Web robots and web scrapers often don't care about being polite. Politeness isn't a technical issue or a required technical standard, the way properly using HTTP is; politeness is generally optional. But so is allowing web scrapers to scrape things at all. The more polite a web scraper attempts to be, the better the odds that site operators won't object. Conversely, the more high volume and obvious and intrusive the web scrape is, the more likely people are going to have bad reactions.

Of course this raises the question of what exactly is polite behavior. The honest answer is that while I have my own opinions, I don't think there's any Internet consensus, so if you genuinely want to have a polite web scraper, you're going to have to try to work that out for yourself. Expect it to take some work.

The obvious additional thing to note is that even today, there are plenty of sites that cannot sustain multiple requests a second from a web scraper (much less from the web scraper and other traffic). This is unfortunate and people write screeds about how it doesn't have to be this way (I've dabbled in this), but the reality of the Internet is that there are plenty of inefficient slow sites, especially small ones like blogs. Throwing the kind of rapid scraping at those sites is more than impolite, it's damaging, and it doesn't really help if you slow down after you detect that you're doing damage.

Comments on this page:

By James (trs80) at 2022-01-09 11:26:41:

ArchiveTeam generally kicks into gear when sites are going away, so ArchiveBot is designed to be as quick as possible since scrapes often have to be completed in a matter of days or even hours, which obviously makes it quite impolite. The question is why your site got targeted in the first place, looking at the active projects the only plausible one is the rather-generic URLs project which looks like it's been running for a year or so.

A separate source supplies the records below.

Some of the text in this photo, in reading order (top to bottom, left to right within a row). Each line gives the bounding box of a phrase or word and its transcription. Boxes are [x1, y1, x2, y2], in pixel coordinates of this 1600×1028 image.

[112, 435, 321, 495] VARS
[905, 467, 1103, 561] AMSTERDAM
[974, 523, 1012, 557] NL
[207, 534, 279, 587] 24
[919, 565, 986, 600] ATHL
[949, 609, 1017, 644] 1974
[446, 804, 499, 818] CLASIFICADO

I have run ArchiveBot instances in the past, but that was quite some years ago.

By Nick at 2022-01-10 06:06:26:

Seems inevitable. But interesting perspective, I never thought of the additional load that servers are burdened due to these pesky little robotic Imperial Empire Mouse droids of the internet.

That given, as long as they work towards a productive means and don't fail at that purpose, I'm not going to throw a tiff just yet. (Google Search Console threw some complete nonsense usability warnings at me a few times. Kinda pissed me off. Their machines screwing me over because they neglected to program them correctly!)

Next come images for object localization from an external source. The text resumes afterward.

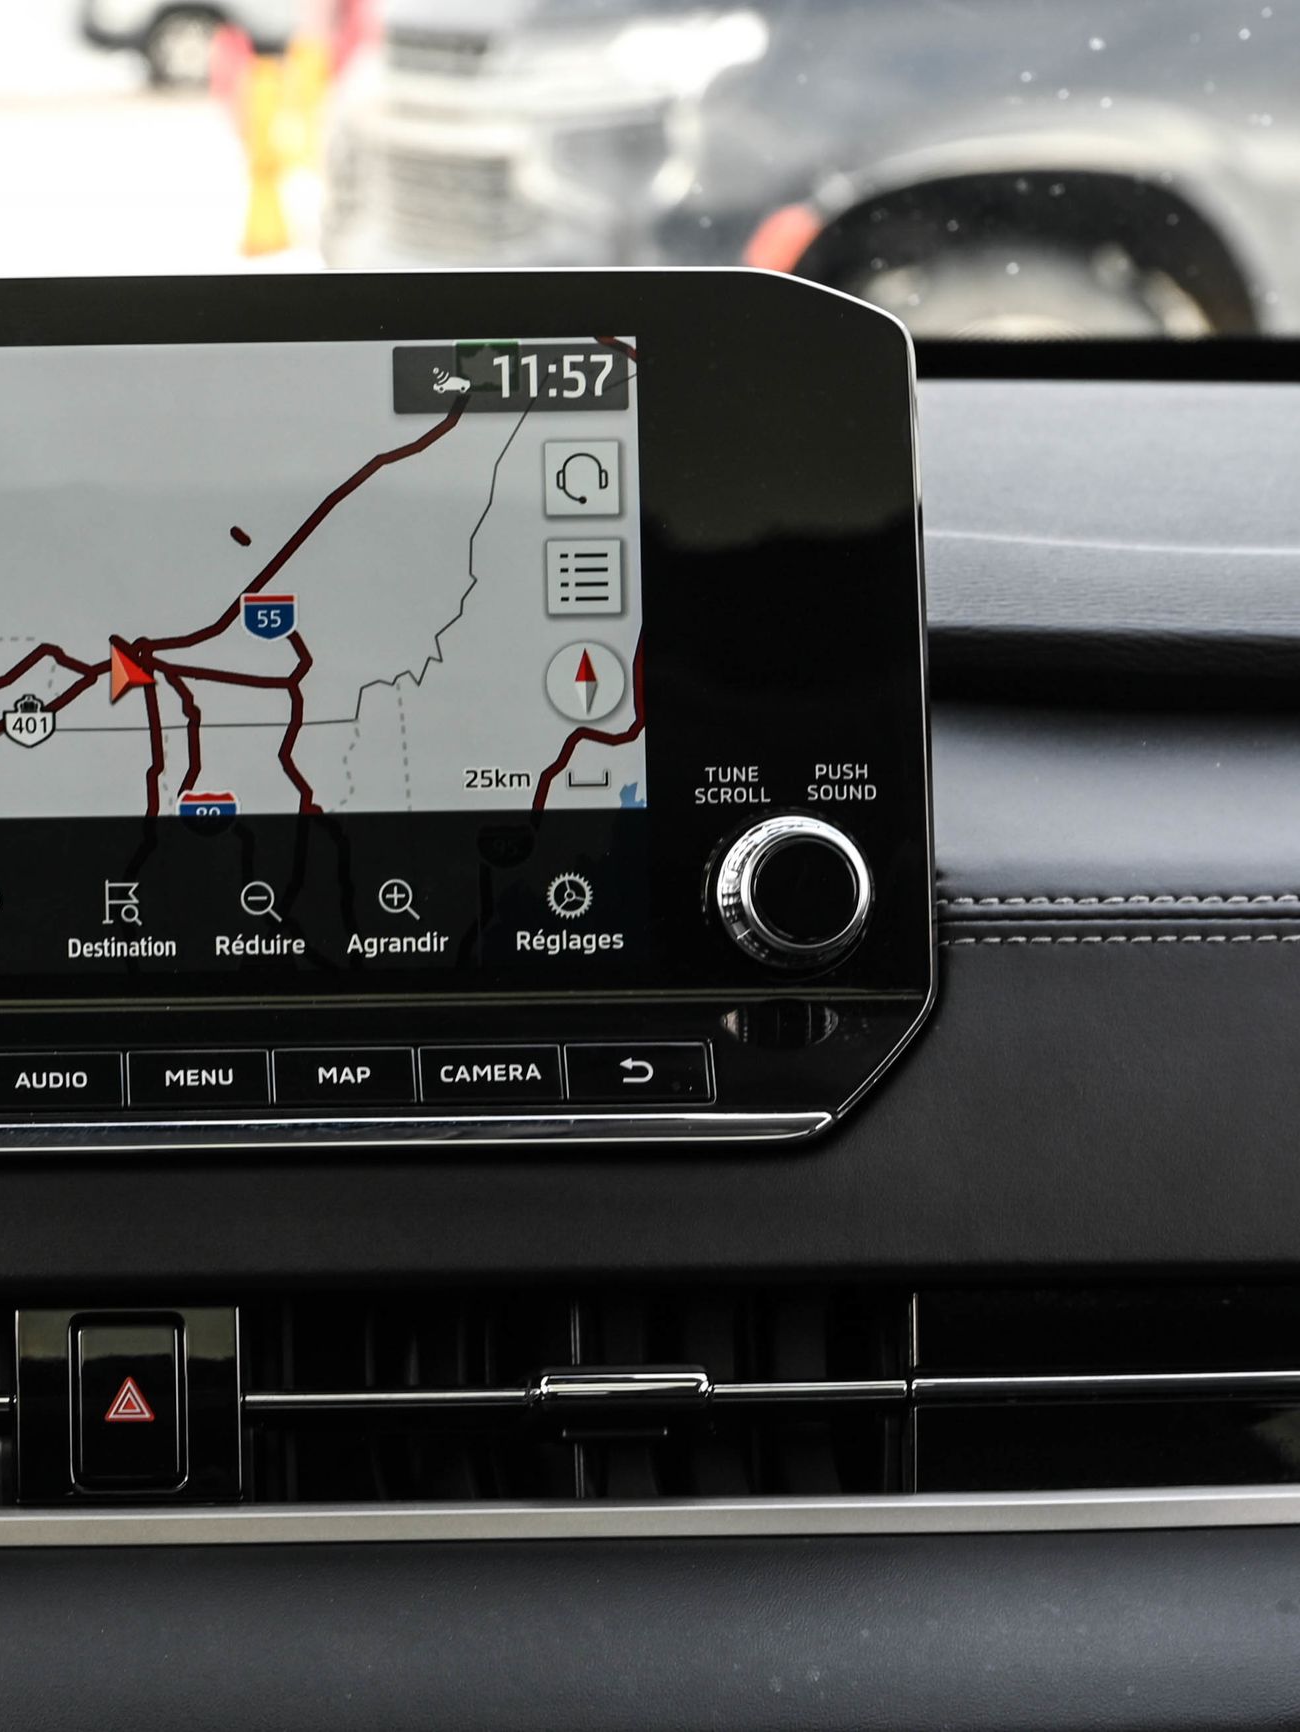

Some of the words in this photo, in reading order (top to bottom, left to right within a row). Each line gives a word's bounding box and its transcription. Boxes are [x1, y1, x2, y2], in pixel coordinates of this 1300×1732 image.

[492, 353, 614, 400] 11:57
[256, 608, 283, 629] 55
[8, 715, 52, 740] 401
[465, 768, 532, 790] 25km
[704, 766, 760, 784] TUNE
[815, 763, 869, 780] PUSH
[694, 785, 772, 804] SCROLL
[806, 784, 878, 801] SOUND
[67, 936, 178, 960] Destination
[214, 932, 307, 956] Réduire
[346, 930, 450, 958] Agrandir
[515, 927, 625, 956] Réglages
[14, 1070, 89, 1090] AUDIO
[164, 1067, 234, 1088] MENU
[317, 1065, 372, 1085] MAP
[439, 1062, 543, 1084] CAMERA

I have handled archivebot crawls myself, and I typically run those when a site is about to go away or is of particular interest.

In fact, one of the reactions I heard to this article is "we should crawl this site, it looks interesting!"

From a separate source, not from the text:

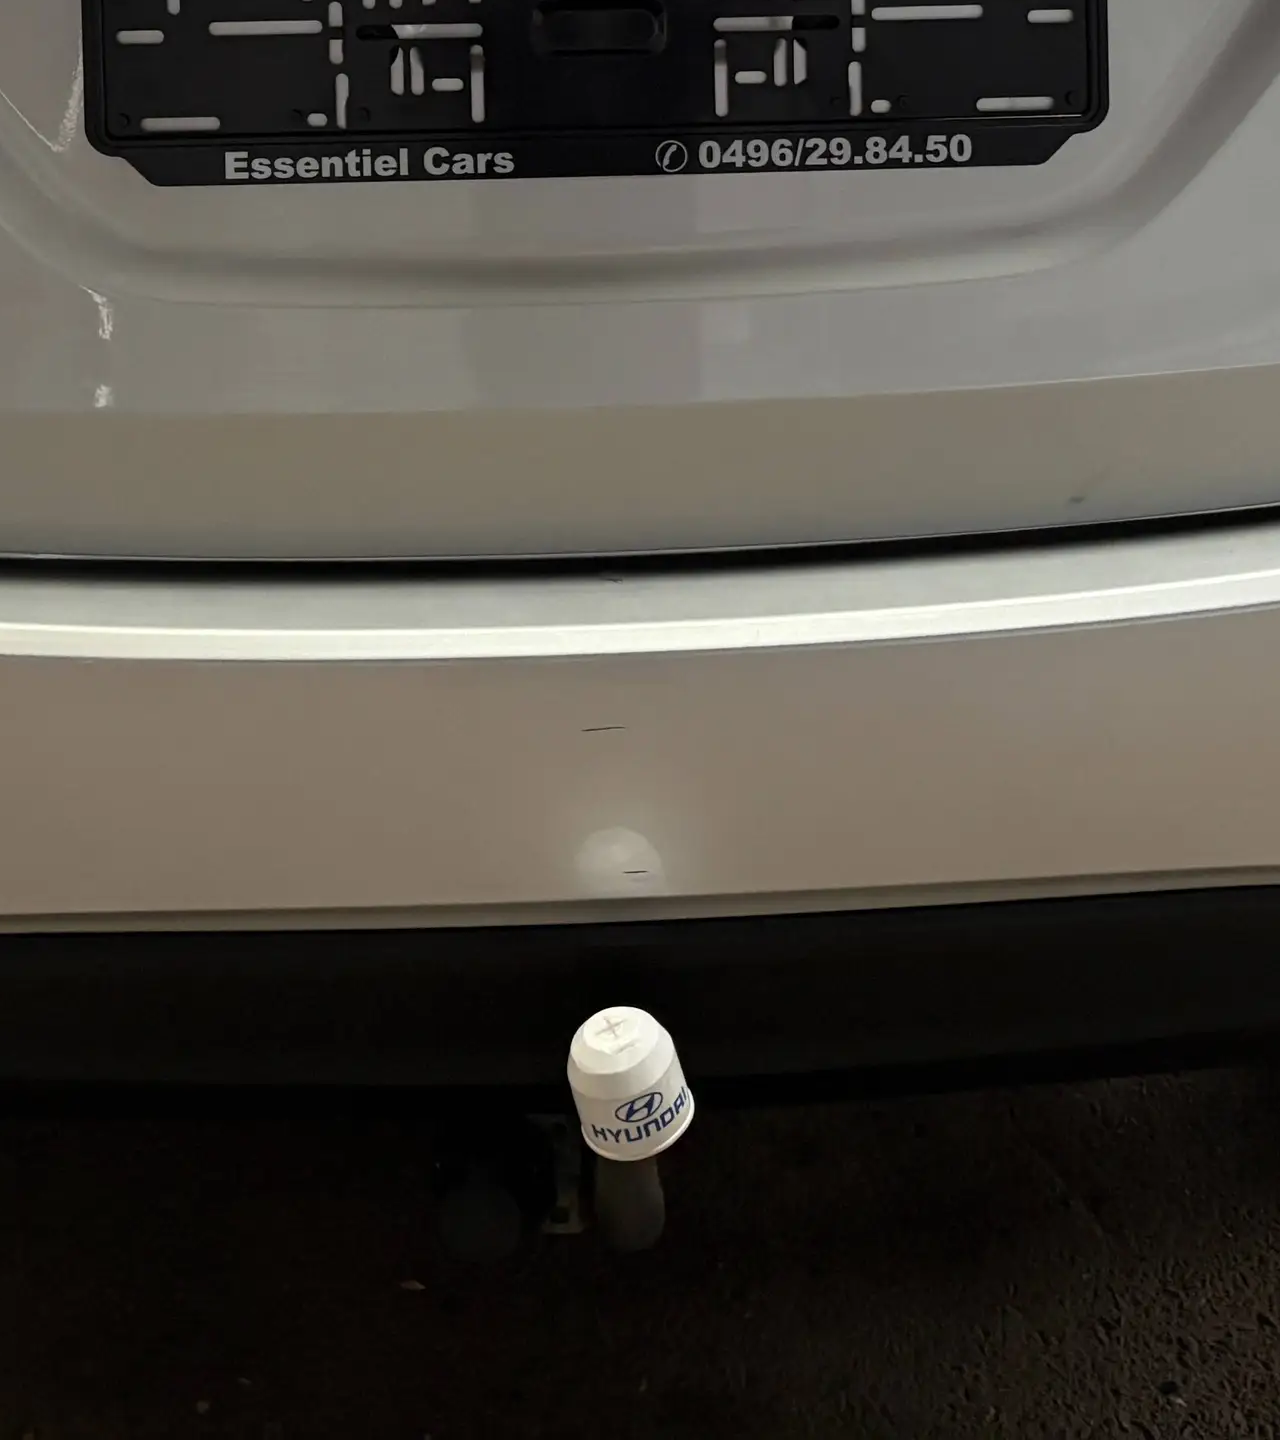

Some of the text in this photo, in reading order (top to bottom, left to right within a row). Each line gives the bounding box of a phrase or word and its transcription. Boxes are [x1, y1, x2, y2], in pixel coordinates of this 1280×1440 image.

We do have rate limiting in place. The defaults may seem aggressive for a small site, but the stated rate (27 000 / day or 0.3 hit / s) does not seem very high. If you can't sustain a hit per second, I have to wonder what kind of bandwidth and hardware you're running...

But yes, when I do a run, I typically nurse it by hand for a few minutes to see how it goes, and if the server seems to be struggling, I turn on the rate limiting, which can be fine-tuned along the way. Returning a 403, BTW, is less obvious than a 5xx error message, but we typically do get the message.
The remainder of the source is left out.